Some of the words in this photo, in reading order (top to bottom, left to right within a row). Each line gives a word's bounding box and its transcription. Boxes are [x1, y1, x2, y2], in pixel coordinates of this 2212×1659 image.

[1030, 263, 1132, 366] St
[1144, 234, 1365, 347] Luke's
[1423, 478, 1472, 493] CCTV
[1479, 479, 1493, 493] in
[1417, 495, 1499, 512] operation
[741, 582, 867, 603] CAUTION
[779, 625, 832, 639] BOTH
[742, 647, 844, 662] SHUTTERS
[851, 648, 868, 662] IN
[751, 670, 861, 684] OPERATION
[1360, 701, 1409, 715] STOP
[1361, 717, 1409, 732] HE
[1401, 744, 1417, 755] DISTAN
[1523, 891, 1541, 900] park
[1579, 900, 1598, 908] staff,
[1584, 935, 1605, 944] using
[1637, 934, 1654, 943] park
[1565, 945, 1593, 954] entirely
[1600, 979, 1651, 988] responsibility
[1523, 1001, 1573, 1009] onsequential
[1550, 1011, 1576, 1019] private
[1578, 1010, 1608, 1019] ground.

☆ ☆ ☆ ☆ ☆ ☆ ☆

WHAT THE TASK REQUIRES: For each record above, give it again without a single change.

EXERCISE SOLUTION:
Some of the words in this photo, in reading order (top to bottom, left to right within a row). Each line gives a word's bounding box and its transcription. Boxes are [x1, y1, x2, y2], in pixel coordinates of this 2212×1659 image.

[1030, 263, 1132, 366] St
[1144, 234, 1365, 347] Luke's
[1423, 478, 1472, 493] CCTV
[1479, 479, 1493, 493] in
[1417, 495, 1499, 512] operation
[741, 582, 867, 603] CAUTION
[779, 625, 832, 639] BOTH
[742, 647, 844, 662] SHUTTERS
[851, 648, 868, 662] IN
[751, 670, 861, 684] OPERATION
[1360, 701, 1409, 715] STOP
[1361, 717, 1409, 732] HE
[1401, 744, 1417, 755] DISTAN
[1523, 891, 1541, 900] park
[1579, 900, 1598, 908] staff,
[1584, 935, 1605, 944] using
[1637, 934, 1654, 943] park
[1565, 945, 1593, 954] entirely
[1600, 979, 1651, 988] responsibility
[1523, 1001, 1573, 1009] onsequential
[1550, 1011, 1576, 1019] private
[1578, 1010, 1608, 1019] ground.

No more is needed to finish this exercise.